MATERIAL PROVIDED START
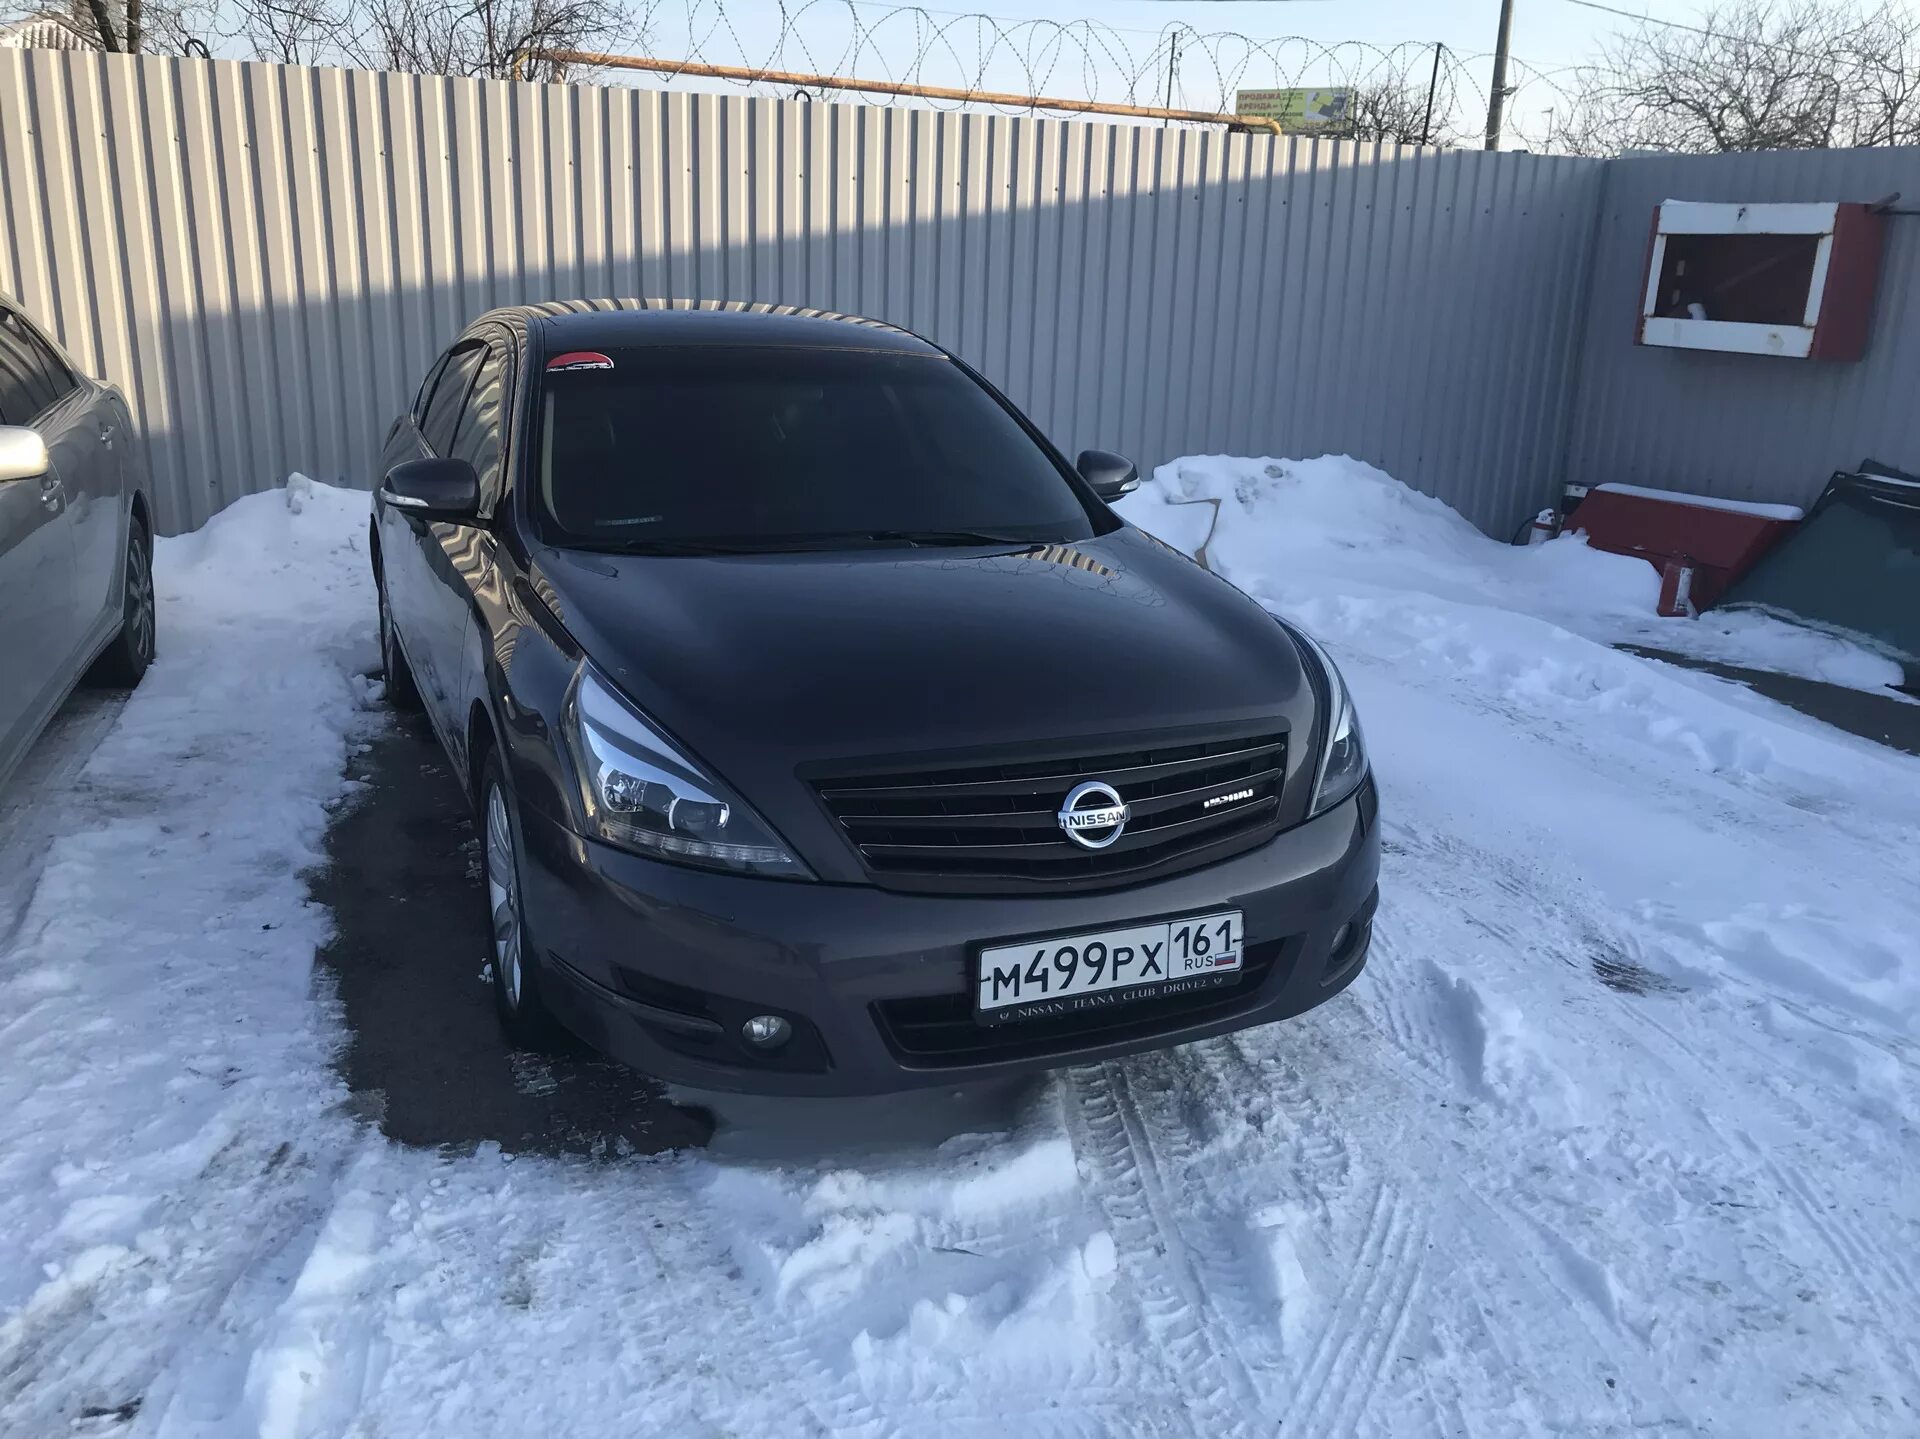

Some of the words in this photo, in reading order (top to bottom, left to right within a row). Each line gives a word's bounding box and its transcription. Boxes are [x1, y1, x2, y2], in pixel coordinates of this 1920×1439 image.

[1239, 92, 1280, 100] ПРОДАЖА
[1068, 810, 1126, 826] NISSAN
[1174, 919, 1231, 958] 161
[1184, 955, 1213, 971] RUS
[1018, 1002, 1064, 1018] NISSAN
[1072, 994, 1115, 1009] TEANA
[1123, 987, 1156, 1000] CLUB
[1163, 979, 1207, 994] DRIVE2
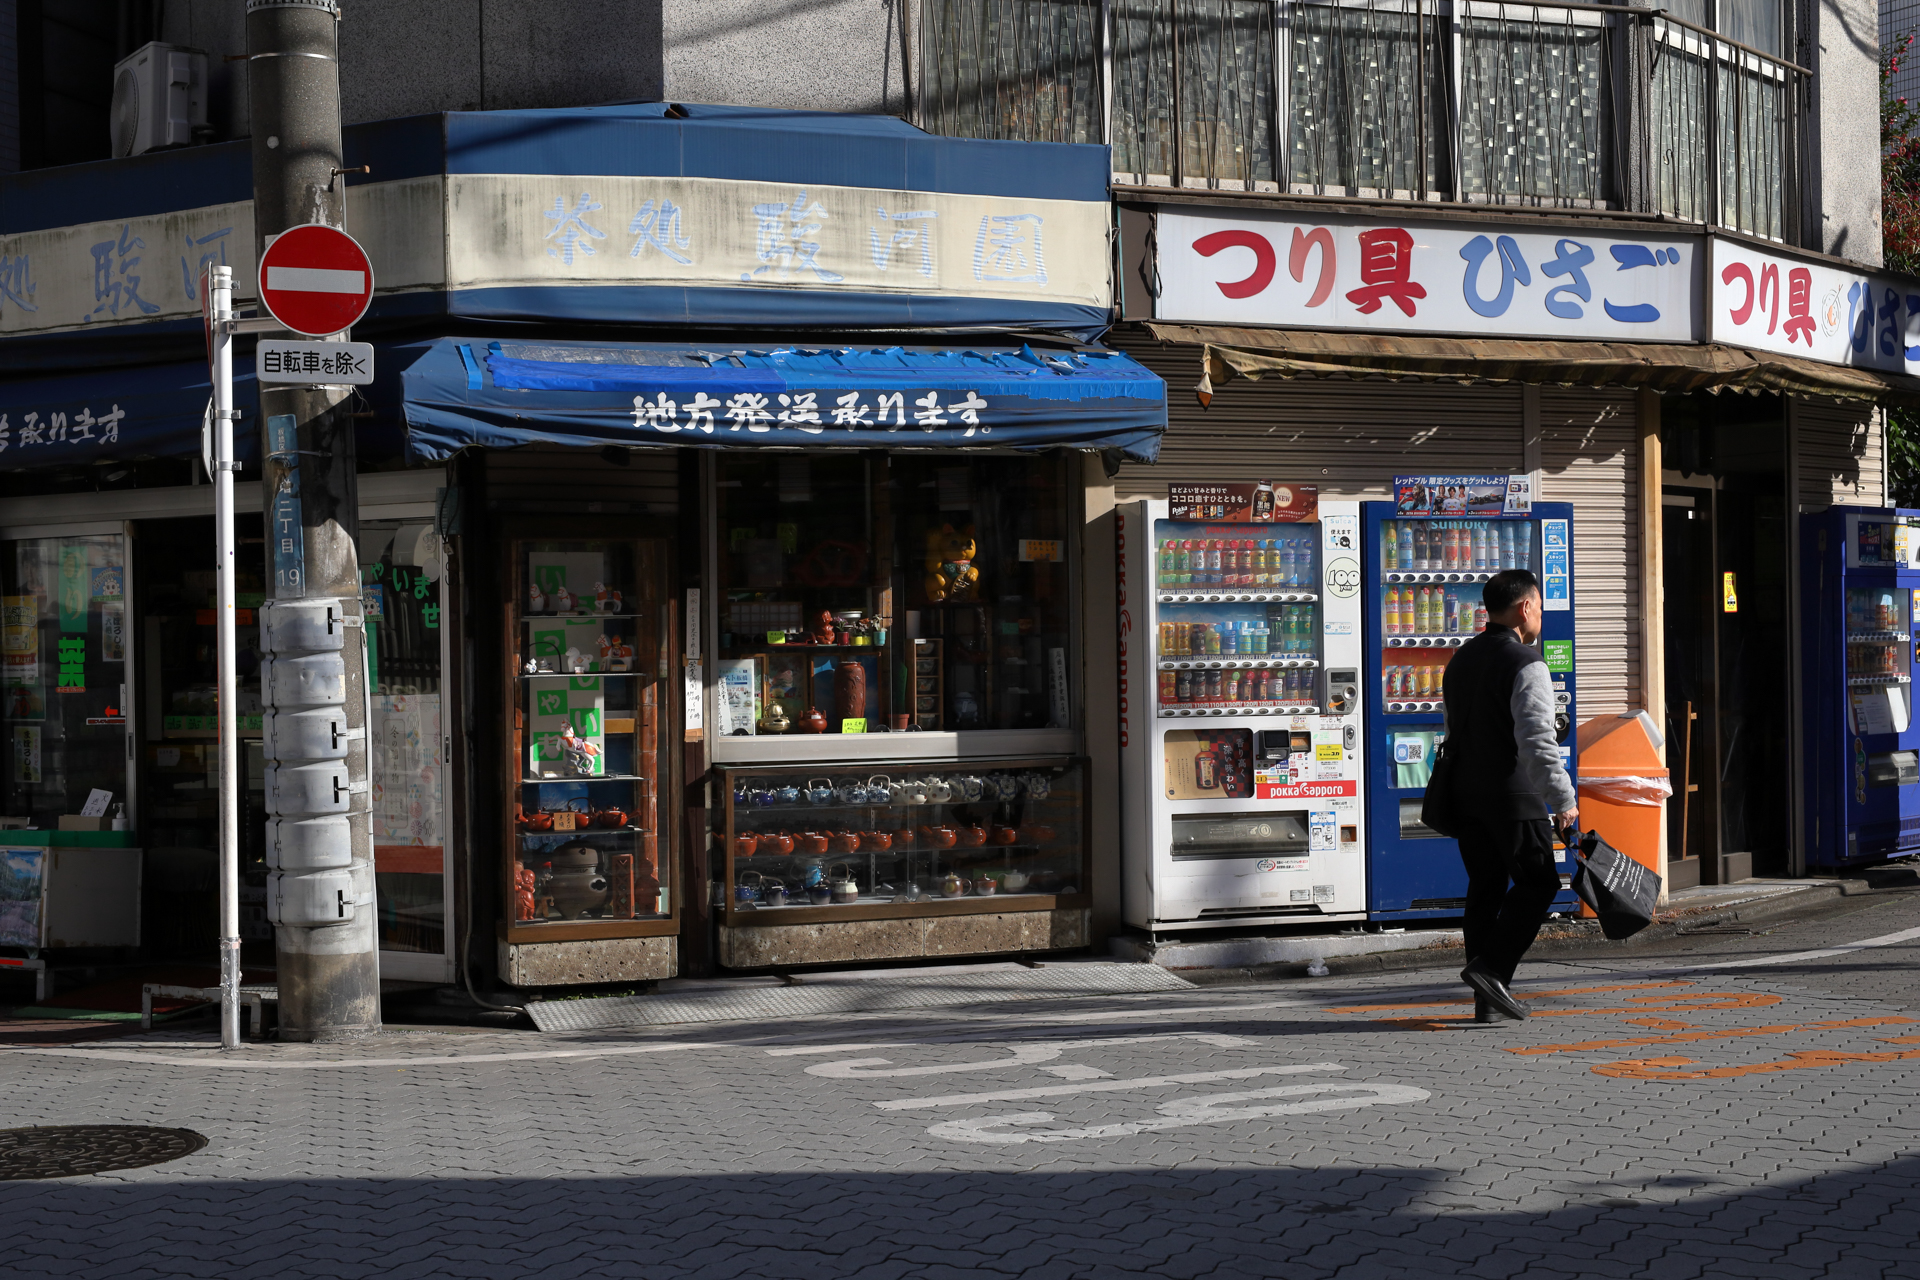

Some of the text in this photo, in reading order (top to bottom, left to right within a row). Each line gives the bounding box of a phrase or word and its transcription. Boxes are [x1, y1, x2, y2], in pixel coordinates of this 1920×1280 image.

[1191, 227, 1680, 323] つり具 ひさご
[1721, 262, 1817, 347] つり具
[264, 349, 366, 375] 自転車を除く
[630, 391, 992, 438] 地方発送承ります。
[1395, 476, 1427, 485] レッドブル
[1431, 521, 1489, 530] SUNTORY
[278, 568, 300, 587] 19
[1328, 569, 1360, 587] 100
[1223, 744, 1235, 791] 深い味わい
[1236, 737, 1247, 778] 香り高く
MATERIAL PROVIDED END
Please produce an exact copy of the listing, omitting the pictures.

Some of the words in this photo, in reading order (top to bottom, left to right within a row). Each line gives a word's bounding box and its transcription. Boxes are [x1, y1, x2, y2], in pixel coordinates of this 1920×1439 image.

[1239, 92, 1280, 100] ПРОДАЖА
[1068, 810, 1126, 826] NISSAN
[1174, 919, 1231, 958] 161
[1184, 955, 1213, 971] RUS
[1018, 1002, 1064, 1018] NISSAN
[1072, 994, 1115, 1009] TEANA
[1123, 987, 1156, 1000] CLUB
[1163, 979, 1207, 994] DRIVE2

Some of the text in this photo, in reading order (top to bottom, left to right within a row). Each line gives the bounding box of a phrase or word and its transcription. Boxes are [x1, y1, x2, y2], in pixel coordinates of this 1920×1280 image.

[1191, 227, 1680, 323] つり具 ひさご
[1721, 262, 1817, 347] つり具
[264, 349, 366, 375] 自転車を除く
[630, 391, 992, 438] 地方発送承ります。
[1395, 476, 1427, 485] レッドブル
[1431, 521, 1489, 530] SUNTORY
[278, 568, 300, 587] 19
[1328, 569, 1360, 587] 100
[1223, 744, 1235, 791] 深い味わい
[1236, 737, 1247, 778] 香り高く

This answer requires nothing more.